Hey everybody, this is Steli Efti.
And this is Hiten Shah.
And in today’s episode of The Startup Chat, we’re going to talk about how to do marketing against your competition. Or how to do, whatever, I don’t know how to even call it. I don’t know if there’s a real name for it. Competitive marketing? It basically-
Oh, go ahead. Maybe there is a name, and you know it.
Yeah, I’d probably collect competitive marketing, more than anything else.
So the idea of doing marketing that relates directly with your competition. So two examples would be, creating SEO pages where you show your tool, or your company, versus your other. So if somebody types in your company name, versus this other company name that you’re competing with, your SEO page would show up, and you would have some kind of comparative metrics, or a spreadsheet that shows that your tool is better than theirs, or whatever it is. Or, if there’s a big PR thing that’s going that breaks some news, you do counter PR, that type of stuff. I don’t even know how many more tactics there are, but yeah, competitive marketing. What is it? What tactics are there? What’s good? What’s bad? What has changed? I’d love to explore all of this with you.
Yeah. I like your definition of just, basically it’s something where you’re doing marketing, and it’s very related and relevant to your competition. Meaning, there’s so many ways to think about this. I love your idea of those landing pages that are SEO optimized. The reason that, that exist though and the reason that this tactic even make sense to talk about, in my opinion, would be because today, and even in the past, but more so today the customer matters more than ever. Your product is likely not that unique on the surface. So you have to do whatever you can to be able to explain to the market, the customer, how it’s different and better for them. Better meaning better than any alternatives. So one way that I think about competition a lot, is competition is any alternative to your product. It doesn’t have to be just a direct competitor. So if you’re a SAS tool that does analytics, it doesn’t have to be another analytics tool, it can be a spreadsheet. It can be a database product. It can be a business intelligence product, that’s competing for the attention of your customer, and their patronage as a customer of yours. So to me, any alternative is considered a competitor in my mind. Any alternative to what you do for customers today. That can broaden how we think about marketing-
I love that-
You’re marketing against alternatives, to help the customer understand how you’re different.
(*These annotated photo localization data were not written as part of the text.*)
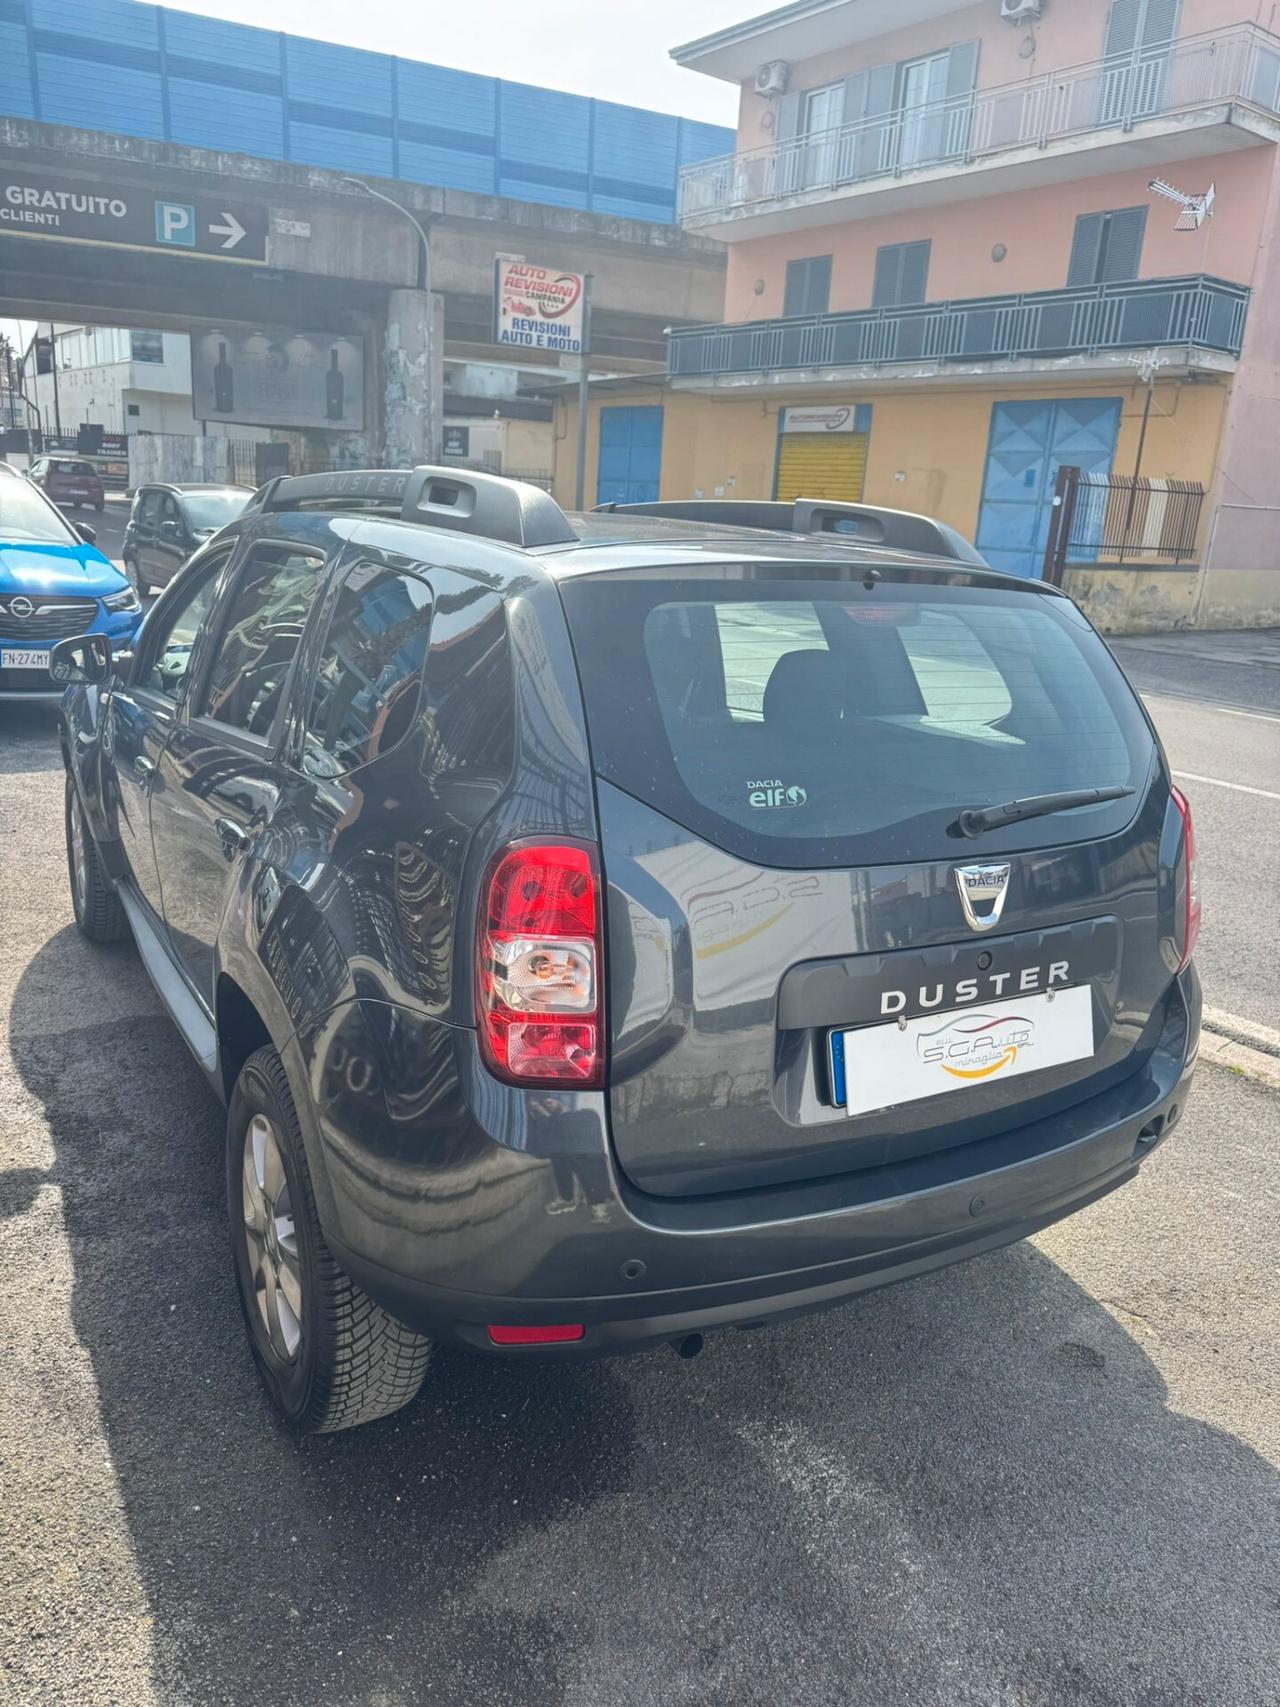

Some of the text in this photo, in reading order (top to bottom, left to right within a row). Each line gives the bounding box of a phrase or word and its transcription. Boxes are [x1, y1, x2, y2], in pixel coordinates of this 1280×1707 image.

[5, 185, 127, 218] GRATUITO
[0, 208, 60, 226] CLIENTI
[163, 205, 189, 240] P
[508, 264, 547, 280] AUTO
[504, 276, 574, 298] REVISIONI
[525, 291, 566, 304] CAMPANIA
[512, 317, 571, 337] REVISIONI
[501, 329, 580, 352] AUTO E MOTO
[746, 780, 783, 789] DACIA
[749, 788, 785, 807] elf
[968, 874, 1005, 887] DACIA
[880, 960, 1070, 1015] DUSTER
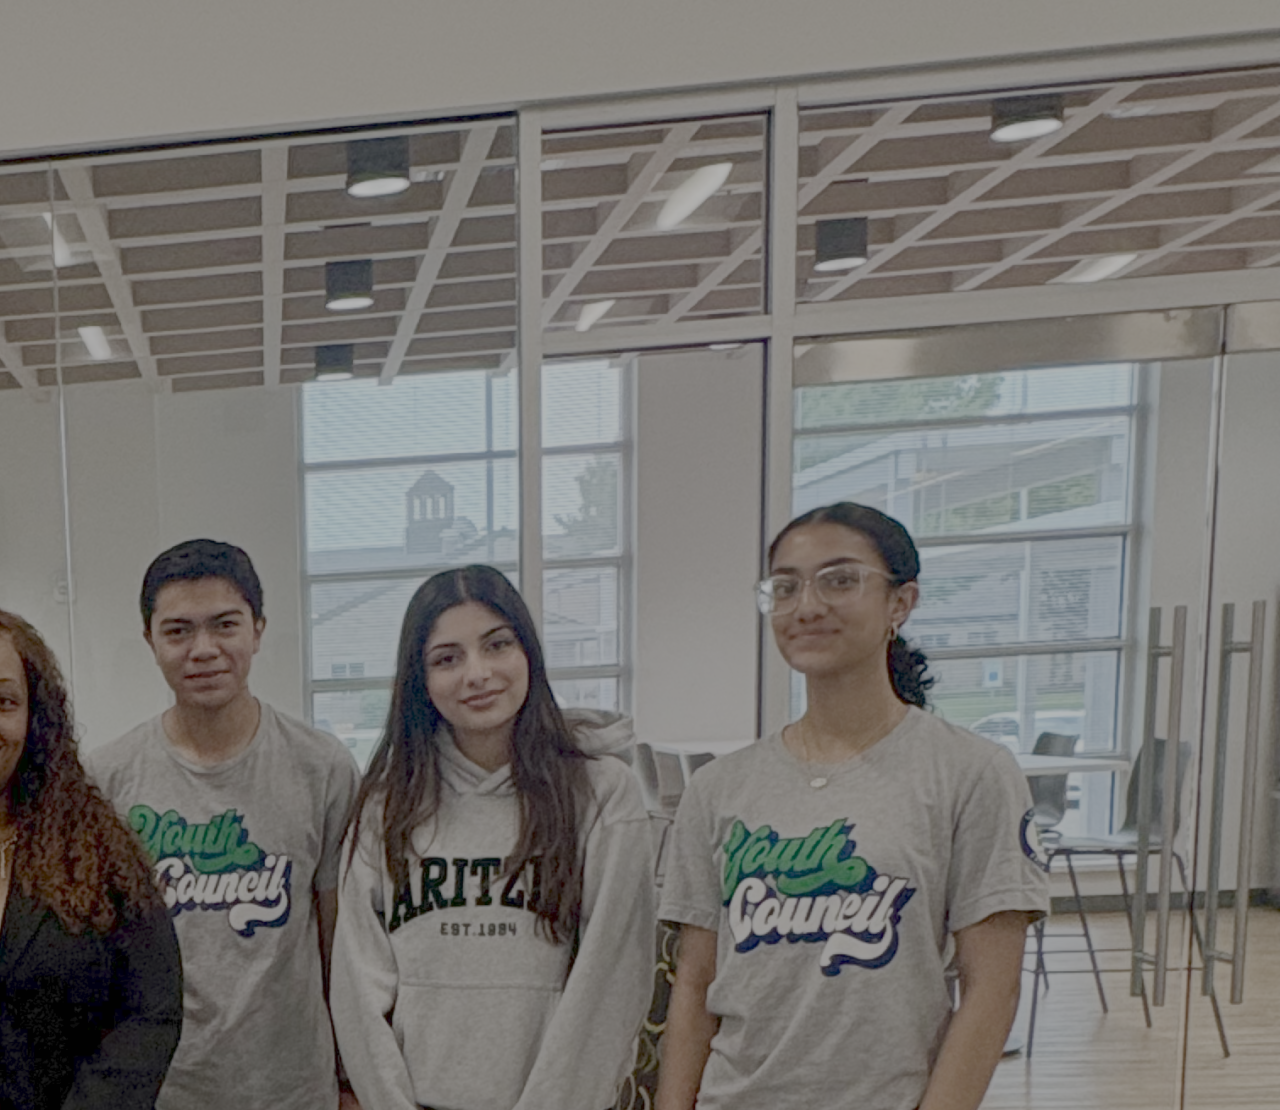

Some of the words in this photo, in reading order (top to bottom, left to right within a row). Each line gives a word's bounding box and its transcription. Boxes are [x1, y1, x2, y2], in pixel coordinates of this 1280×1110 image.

[127, 803, 266, 875] Youth
[722, 816, 876, 907] Youth
[387, 857, 544, 935] ARITZI
[727, 875, 918, 978] Council
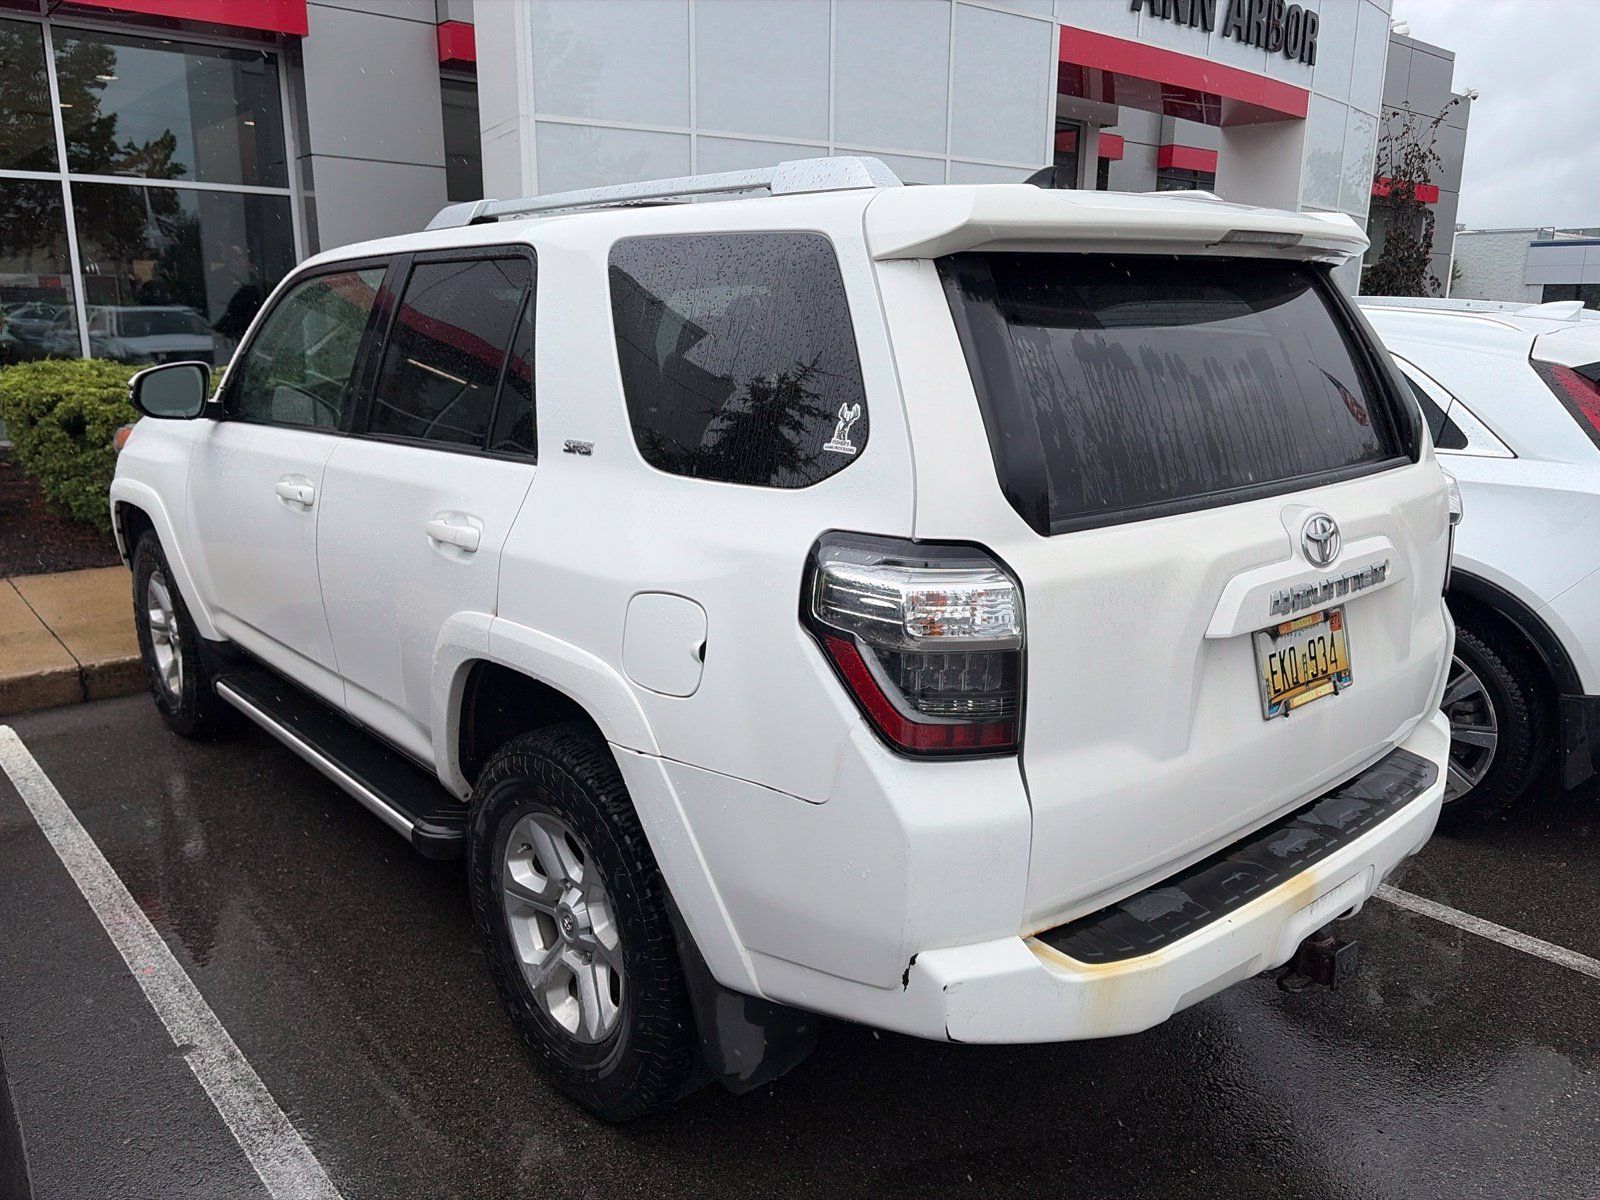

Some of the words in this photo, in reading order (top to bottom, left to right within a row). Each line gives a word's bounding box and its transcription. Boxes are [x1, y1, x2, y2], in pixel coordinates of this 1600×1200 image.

[1130, 0, 1216, 32] NN
[1222, 0, 1320, 66] ARBOR
[1268, 646, 1299, 695] EKQ
[1307, 632, 1339, 679] 934
I love that, and the first example that popped up in my mind, and take you for broadening the scope of this, is the spreadsheet example. Right?
Spreadsheets are basically a competitions almost every SAS tool out there, and there aren’t many companies, successful product companies that either have these landing, SEO pages that are, “Better alternative to bookkeeping than a spreadsheet.” So they’ll compare their tool with a spreadsheet. Or even, mostly they’ll come up with spreadsheet templates that people in business today will want, that use spreadsheets do a certain thing. That would then try to market to switch them from the spreadsheets to their software tool. So we’ll give you a free spreadsheet template for accounting or whatever, for restaurants, and in the restaurant will find this spreadsheet, downloaded to do their accounting, but now that company has their email, and they’re start marketing to them, “Hey, if you’re using a spreadsheet to do your accounting, we have built accounting software that specifically for restaurant owners. It’s better than a spreadsheet because XYZ.” I’ve seen the spreadsheet type of a thing a lot, because Whiteboards and spreadsheets are still very high up in the list, as Competitors almost every software tool that exist.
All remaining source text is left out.